How to See Our Species with the Big Picture
Ferris Jabr's "Becoming Earth" explores the planet as a living organism
When the British polymath James Lovelock posited the Gaia hypothesis in the 1970s—the idea that Earth as a whole is a vast organism—the scientific establishment dismissed it with disdain. In his debut book, Becoming Earth: How Our Planet Came to Life (Random House, 2024), science journalist Ferris Jabr convincingly shows that, in fact, the planet does have structures and rhythms similar to any other organism’s. “Life is Earth,” Jabr writes, “a stone that eats starlight and radiates song.”
Jabr takes readers on a planet-spanning tour of the lithosphere (Earth’s crust), the hydrosphere (its oceans), and the atmosphere (air and all the life it holds). A thousand feet below the surface of the planet, Jabr encounters ancient microbes suggesting the possibility that life helped create the continents. On top of a thousand-foot-high research tower in the Amazon rainforest, he surveys the phenomenon of “bioprecipitation” and illustrates how bacteria play an essential role in the formation of rain and snow. Jabr’s landscape descriptions and scientific explanations are poetic—“a cloud is Earth seeing its own breath”—and punctuated with thunderstorm-like downpours of ideas. Life, he writes, is “more spectral than categorical, more verb than noun.”

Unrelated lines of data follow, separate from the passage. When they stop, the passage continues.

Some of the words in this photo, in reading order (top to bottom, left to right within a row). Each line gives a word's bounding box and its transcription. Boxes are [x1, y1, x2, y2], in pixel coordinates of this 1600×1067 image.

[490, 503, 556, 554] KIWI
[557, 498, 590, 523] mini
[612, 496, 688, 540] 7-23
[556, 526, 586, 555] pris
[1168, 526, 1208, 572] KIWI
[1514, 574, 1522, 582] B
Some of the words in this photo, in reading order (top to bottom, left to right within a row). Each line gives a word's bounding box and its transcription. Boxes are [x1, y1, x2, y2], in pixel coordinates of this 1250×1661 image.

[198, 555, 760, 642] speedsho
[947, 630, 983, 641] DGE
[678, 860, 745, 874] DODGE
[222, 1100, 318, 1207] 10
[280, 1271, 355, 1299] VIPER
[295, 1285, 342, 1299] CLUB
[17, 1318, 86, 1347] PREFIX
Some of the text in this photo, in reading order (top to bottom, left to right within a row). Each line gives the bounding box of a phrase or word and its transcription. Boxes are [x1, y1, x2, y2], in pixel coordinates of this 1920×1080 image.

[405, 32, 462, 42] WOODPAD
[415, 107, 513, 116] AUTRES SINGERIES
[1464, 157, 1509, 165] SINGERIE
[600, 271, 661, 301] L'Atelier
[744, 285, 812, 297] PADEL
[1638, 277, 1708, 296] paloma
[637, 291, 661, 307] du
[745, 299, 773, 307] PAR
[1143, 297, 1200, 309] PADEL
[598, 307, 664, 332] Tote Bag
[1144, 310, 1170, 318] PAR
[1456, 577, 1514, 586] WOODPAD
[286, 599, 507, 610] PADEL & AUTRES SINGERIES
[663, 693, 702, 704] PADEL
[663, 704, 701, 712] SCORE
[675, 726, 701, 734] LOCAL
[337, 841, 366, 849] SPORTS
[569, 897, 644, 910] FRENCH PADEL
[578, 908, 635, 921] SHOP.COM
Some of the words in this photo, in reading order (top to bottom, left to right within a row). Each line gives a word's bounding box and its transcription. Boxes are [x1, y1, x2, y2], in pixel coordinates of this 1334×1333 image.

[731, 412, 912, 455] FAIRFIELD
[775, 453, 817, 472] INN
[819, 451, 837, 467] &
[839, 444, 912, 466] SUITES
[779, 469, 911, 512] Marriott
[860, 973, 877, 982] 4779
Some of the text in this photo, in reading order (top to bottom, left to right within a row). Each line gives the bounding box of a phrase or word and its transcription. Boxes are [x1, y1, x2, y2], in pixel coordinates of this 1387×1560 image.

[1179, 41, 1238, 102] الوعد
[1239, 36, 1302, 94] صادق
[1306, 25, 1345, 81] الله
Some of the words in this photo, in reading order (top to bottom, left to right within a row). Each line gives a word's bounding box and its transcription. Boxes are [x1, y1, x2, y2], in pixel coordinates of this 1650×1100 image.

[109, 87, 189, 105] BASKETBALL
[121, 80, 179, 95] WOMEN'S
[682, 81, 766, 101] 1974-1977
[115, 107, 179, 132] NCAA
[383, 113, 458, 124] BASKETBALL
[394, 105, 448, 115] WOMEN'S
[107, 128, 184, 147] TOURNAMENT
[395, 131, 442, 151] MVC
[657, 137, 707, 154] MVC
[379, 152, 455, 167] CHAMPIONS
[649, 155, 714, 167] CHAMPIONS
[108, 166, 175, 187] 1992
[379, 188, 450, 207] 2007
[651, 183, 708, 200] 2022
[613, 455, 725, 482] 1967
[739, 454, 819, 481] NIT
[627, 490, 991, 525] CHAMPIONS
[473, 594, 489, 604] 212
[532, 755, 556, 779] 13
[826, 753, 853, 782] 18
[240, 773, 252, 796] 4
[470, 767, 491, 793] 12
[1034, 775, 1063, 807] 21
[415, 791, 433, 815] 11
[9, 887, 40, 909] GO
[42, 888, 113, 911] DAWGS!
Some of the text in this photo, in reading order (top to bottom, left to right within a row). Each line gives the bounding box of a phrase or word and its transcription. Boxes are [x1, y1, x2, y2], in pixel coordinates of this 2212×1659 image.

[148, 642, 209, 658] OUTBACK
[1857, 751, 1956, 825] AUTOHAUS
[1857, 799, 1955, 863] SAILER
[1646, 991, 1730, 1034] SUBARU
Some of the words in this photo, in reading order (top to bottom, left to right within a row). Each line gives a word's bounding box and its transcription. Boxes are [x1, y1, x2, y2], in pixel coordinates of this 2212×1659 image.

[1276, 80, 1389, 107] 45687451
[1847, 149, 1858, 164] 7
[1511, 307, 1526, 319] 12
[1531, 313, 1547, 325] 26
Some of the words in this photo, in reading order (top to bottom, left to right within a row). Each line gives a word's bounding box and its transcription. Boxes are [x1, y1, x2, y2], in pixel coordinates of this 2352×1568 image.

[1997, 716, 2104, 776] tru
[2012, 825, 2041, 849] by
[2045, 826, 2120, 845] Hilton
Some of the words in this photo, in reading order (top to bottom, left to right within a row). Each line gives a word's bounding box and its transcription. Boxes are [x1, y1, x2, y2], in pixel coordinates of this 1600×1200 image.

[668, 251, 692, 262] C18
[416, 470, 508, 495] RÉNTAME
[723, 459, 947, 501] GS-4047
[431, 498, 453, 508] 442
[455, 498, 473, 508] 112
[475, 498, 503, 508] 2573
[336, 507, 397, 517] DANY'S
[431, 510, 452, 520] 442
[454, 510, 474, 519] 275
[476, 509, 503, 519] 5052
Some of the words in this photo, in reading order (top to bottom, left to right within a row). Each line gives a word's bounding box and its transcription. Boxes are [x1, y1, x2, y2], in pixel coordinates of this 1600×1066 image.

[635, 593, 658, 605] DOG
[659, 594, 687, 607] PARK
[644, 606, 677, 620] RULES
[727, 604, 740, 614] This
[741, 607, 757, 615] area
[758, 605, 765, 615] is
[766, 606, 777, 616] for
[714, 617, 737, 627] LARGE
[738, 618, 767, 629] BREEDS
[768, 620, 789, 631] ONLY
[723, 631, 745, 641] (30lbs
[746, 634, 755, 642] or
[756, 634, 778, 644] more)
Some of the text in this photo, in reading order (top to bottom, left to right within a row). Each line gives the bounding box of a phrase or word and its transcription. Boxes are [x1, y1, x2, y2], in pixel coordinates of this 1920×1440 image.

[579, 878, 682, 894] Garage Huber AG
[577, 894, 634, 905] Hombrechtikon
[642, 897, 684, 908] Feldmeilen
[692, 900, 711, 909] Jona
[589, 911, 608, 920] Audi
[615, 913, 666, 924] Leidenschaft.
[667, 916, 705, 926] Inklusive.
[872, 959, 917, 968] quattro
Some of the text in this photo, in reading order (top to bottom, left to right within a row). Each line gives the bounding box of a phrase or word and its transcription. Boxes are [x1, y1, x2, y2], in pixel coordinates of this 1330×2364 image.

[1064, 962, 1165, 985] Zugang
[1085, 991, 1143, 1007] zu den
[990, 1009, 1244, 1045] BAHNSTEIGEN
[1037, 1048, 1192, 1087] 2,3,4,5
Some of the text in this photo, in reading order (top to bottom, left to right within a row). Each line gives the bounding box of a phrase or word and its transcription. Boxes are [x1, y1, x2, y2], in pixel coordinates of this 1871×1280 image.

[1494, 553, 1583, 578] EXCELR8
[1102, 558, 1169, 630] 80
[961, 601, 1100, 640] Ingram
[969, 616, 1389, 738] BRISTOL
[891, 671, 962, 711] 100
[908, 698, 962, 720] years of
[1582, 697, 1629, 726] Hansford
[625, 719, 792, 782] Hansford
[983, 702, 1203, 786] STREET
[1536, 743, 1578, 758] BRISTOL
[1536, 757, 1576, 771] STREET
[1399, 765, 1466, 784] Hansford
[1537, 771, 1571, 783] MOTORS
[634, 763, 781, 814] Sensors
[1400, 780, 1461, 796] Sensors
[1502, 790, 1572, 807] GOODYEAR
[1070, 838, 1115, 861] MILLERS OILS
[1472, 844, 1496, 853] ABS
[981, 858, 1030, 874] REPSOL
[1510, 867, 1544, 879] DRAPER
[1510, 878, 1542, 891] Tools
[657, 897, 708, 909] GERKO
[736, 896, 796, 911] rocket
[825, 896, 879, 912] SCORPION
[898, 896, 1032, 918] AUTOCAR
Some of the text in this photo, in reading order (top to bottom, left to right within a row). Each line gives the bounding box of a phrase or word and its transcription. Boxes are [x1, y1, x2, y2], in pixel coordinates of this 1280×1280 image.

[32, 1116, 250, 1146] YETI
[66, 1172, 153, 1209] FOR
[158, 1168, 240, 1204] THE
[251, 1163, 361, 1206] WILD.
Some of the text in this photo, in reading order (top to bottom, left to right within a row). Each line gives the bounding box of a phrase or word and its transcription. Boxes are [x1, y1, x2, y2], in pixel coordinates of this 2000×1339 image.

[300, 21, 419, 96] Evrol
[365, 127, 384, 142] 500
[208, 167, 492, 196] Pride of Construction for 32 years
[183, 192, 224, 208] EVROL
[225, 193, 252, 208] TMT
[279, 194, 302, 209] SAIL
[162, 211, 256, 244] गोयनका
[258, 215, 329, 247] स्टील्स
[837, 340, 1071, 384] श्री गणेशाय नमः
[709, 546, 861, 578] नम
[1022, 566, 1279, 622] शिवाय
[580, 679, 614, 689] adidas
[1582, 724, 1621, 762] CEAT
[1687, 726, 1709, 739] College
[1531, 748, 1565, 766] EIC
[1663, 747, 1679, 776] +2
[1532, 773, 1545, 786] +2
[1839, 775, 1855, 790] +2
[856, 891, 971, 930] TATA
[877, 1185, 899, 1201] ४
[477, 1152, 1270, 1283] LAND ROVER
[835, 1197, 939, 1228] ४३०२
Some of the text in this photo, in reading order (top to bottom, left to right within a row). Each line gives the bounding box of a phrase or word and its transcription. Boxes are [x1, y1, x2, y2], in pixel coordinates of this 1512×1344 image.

The notion that Earth is a living entity comes with a distressing corollary: The planet is “just as capable of dying as we are.” We humans are like tiny microbes and vast forests in that we also help mold this writhing ball of life floating in space; we are unlike them insofar as our intelligence allows us to see the whole. The Gaia hypothesis may help us better understand our unique role in preserving Earth’s well-being. “When we learn to see our species as part of a much larger life-form ... our responsibility to Earth becomes clearer than ever.”